Saturday, December 25, 2010

Peace for One Night in Bethlehem

Bethlehem was just another Palestinian village until the day that Jesus was born. It wasn't until around 300 AD that the prophetic message that Jesus was born became a religious movement, and Bethlehem quickly became a prosperous and fortified city, as well as a popular place for religious pilgrims, with many churches and monastaries built in the area. In the Crusader times (1099-1187 and 1228-1144), kings were crowned in Bethlehem as a symbolic connection to the birthplace of Jesus, and it was promoted as the seat of many religious parishes, including Episcopal and Roman Catholic communities.

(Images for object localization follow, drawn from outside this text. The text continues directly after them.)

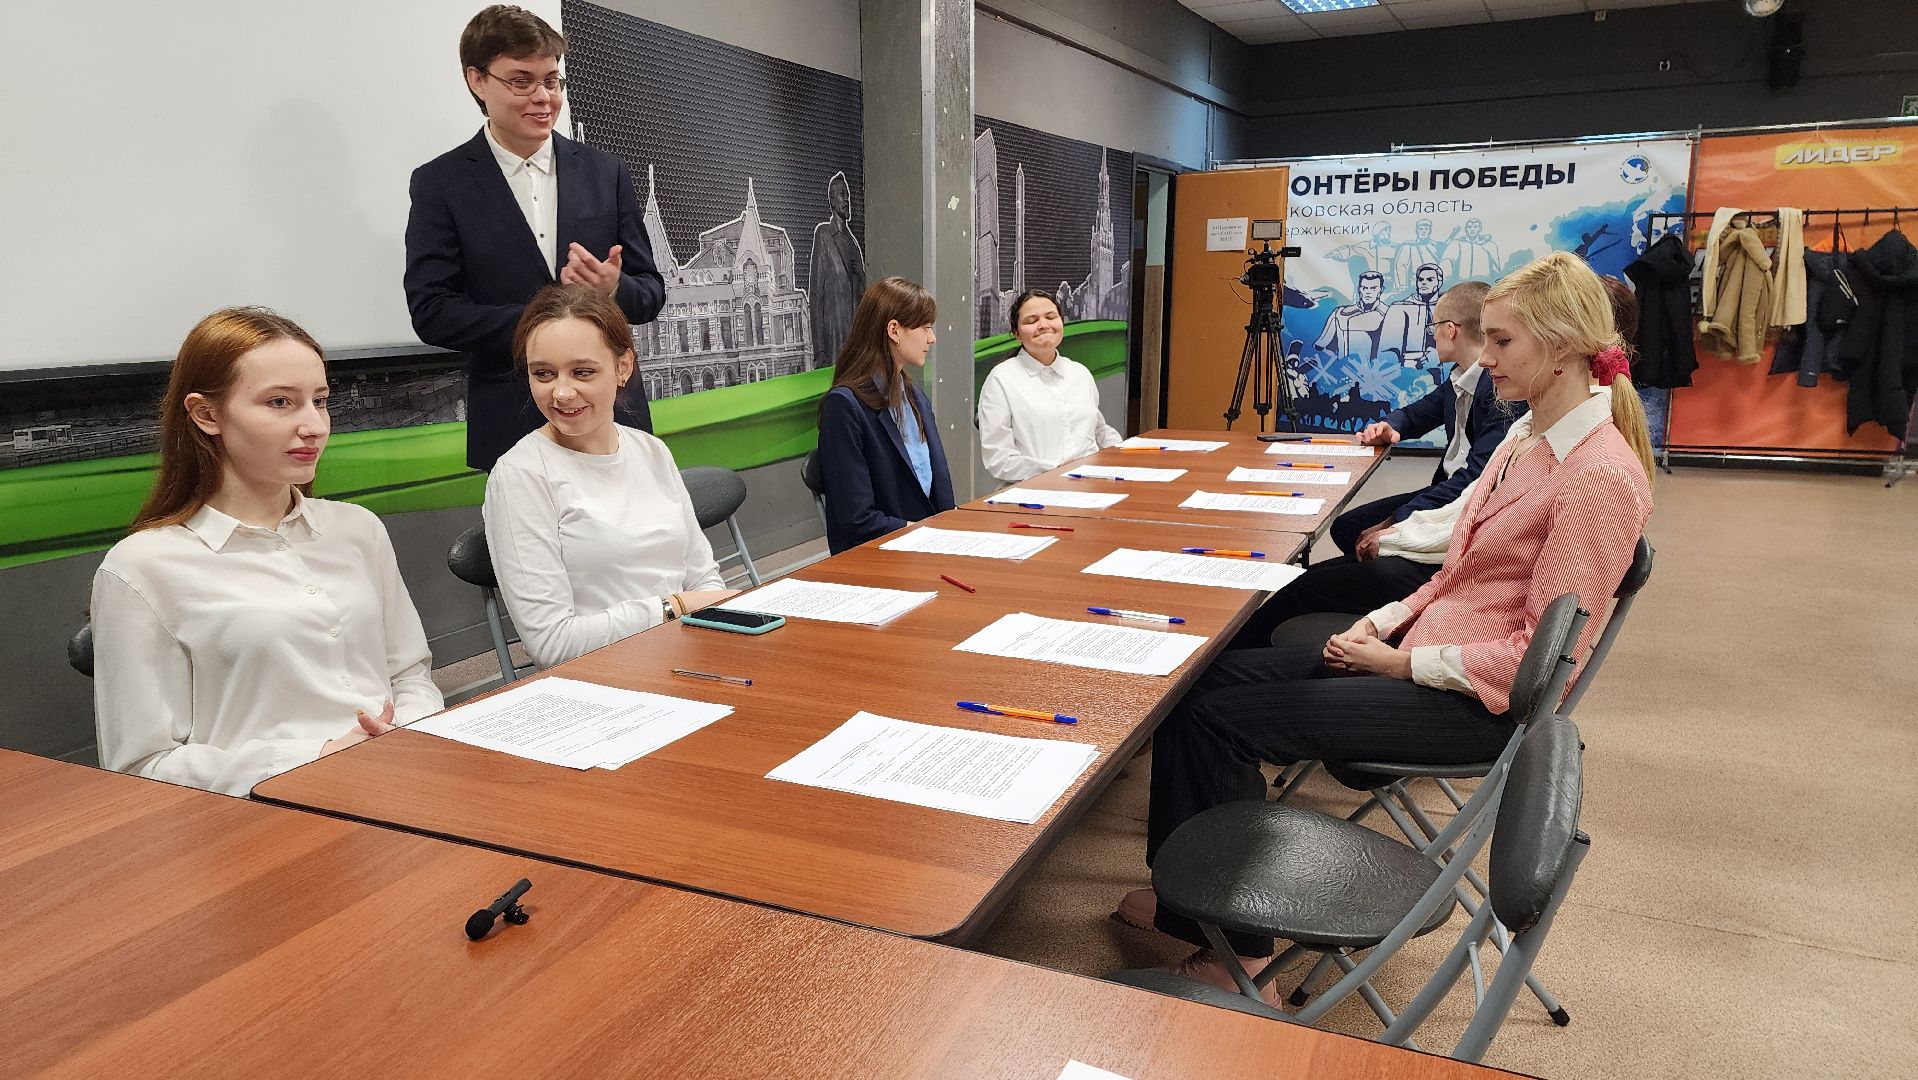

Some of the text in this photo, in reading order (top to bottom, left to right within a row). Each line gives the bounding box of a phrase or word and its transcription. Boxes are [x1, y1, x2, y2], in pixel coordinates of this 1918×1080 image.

[1781, 144, 1896, 164] ЛИДЕР
[1291, 163, 1575, 196] ОНТЁРЫ ПОБЕДЫ
[1290, 198, 1473, 218] ковская область
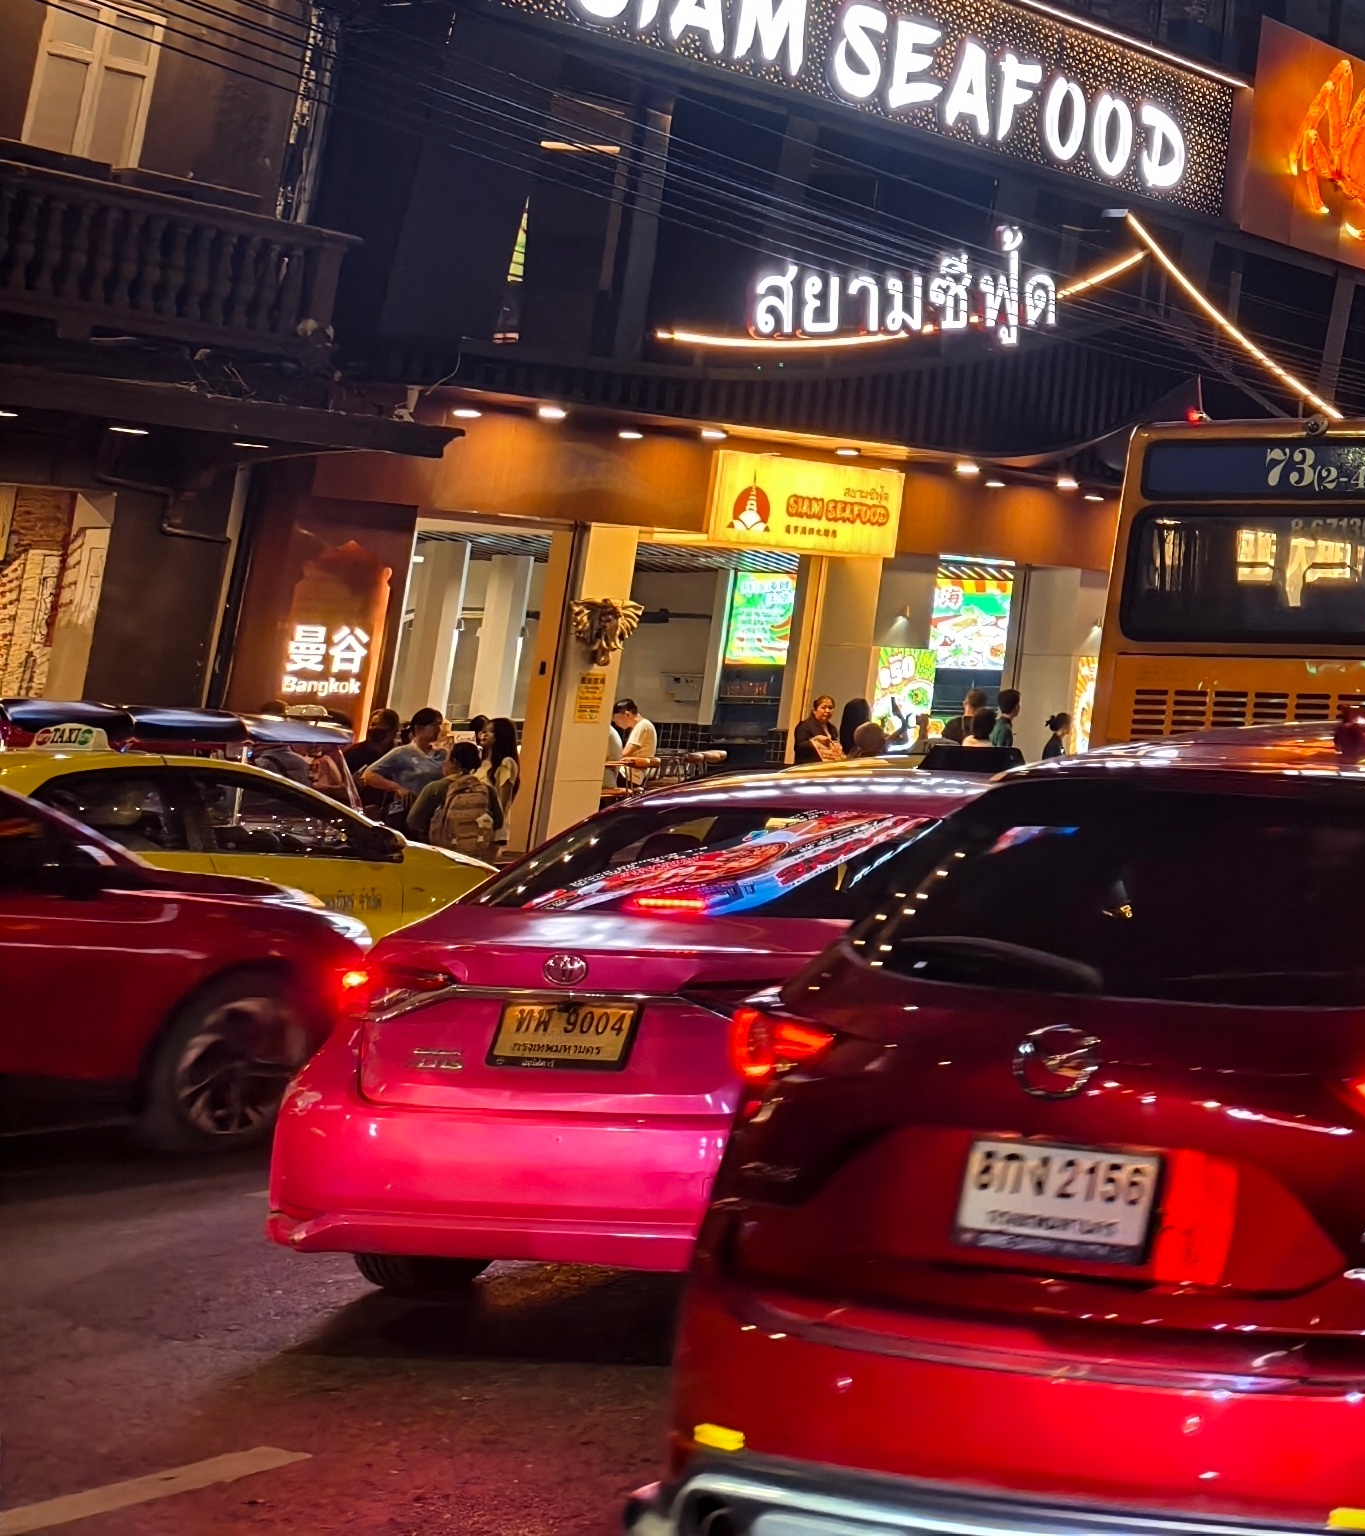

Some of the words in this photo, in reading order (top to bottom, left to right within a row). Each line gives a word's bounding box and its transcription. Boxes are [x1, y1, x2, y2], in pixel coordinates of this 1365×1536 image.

[831, 4, 1188, 189] SEAFOOD
[754, 225, 1058, 345] สยามซีฟู้ด
[786, 493, 825, 521] SIAM
[825, 499, 890, 527] SEAFOOD
[285, 624, 370, 674] 曼谷
[281, 674, 361, 697] Bangkok
[50, 727, 83, 744] TAXI
[563, 1009, 629, 1038] 9004
[1055, 1158, 1146, 1206] 2156

Confronted by the injustices of the British colonial system as well as the Zionist threat in the first half of the 1900s, residents of Bethlehem firmly supported the cause of Palestinian nationalism. In the 1920s and 1930s, Palestinians in Bethlehem mounted several public campaigns against the British law that repealed citizenship of Palestinians but granted citizenship to Jewish immigrants. In response, Britain cracked down hard on representatives of Bethlehem. For example, in 1938, the mayor of Bethlehem, Issa Bandak, was deported by the British occupation authorities after his outspoken criticism of the British occupation. Much as Bethlehem housed Joseph, Mary, and the newborn Jesus, Bethlehem subsequently became a sanctuary for countless Palestinian refugees expelled from their villages. According to the Alternative Tourism Group (2008), population figures rose from 9,000 to nearly 20,000, while an additional 40,000 refugees stayed temporarily in Bethlehem on their way to exile in the West Bank, Jordan, or other Arab states.

I visited Bethlehem in May 2010. Today, the Bethlehem district constitutes the towns of Beit Sahour to the east and Beit Jala to the west, as well as three refugee camps (Aida, Beit Jibrin or 'Azza, and Deheisheh) to total 76,000 people. Dominated by minarets and bell towers, the city affirms its religious diversity: it has a Muslim majority (67%) and a strong Christian minority (33%). Almost every Christian community is represented: Greek Orthodox, Roman Catholic, Armenian, Lutheran and Syrian, all sharing the same Arab-Palestinian culture.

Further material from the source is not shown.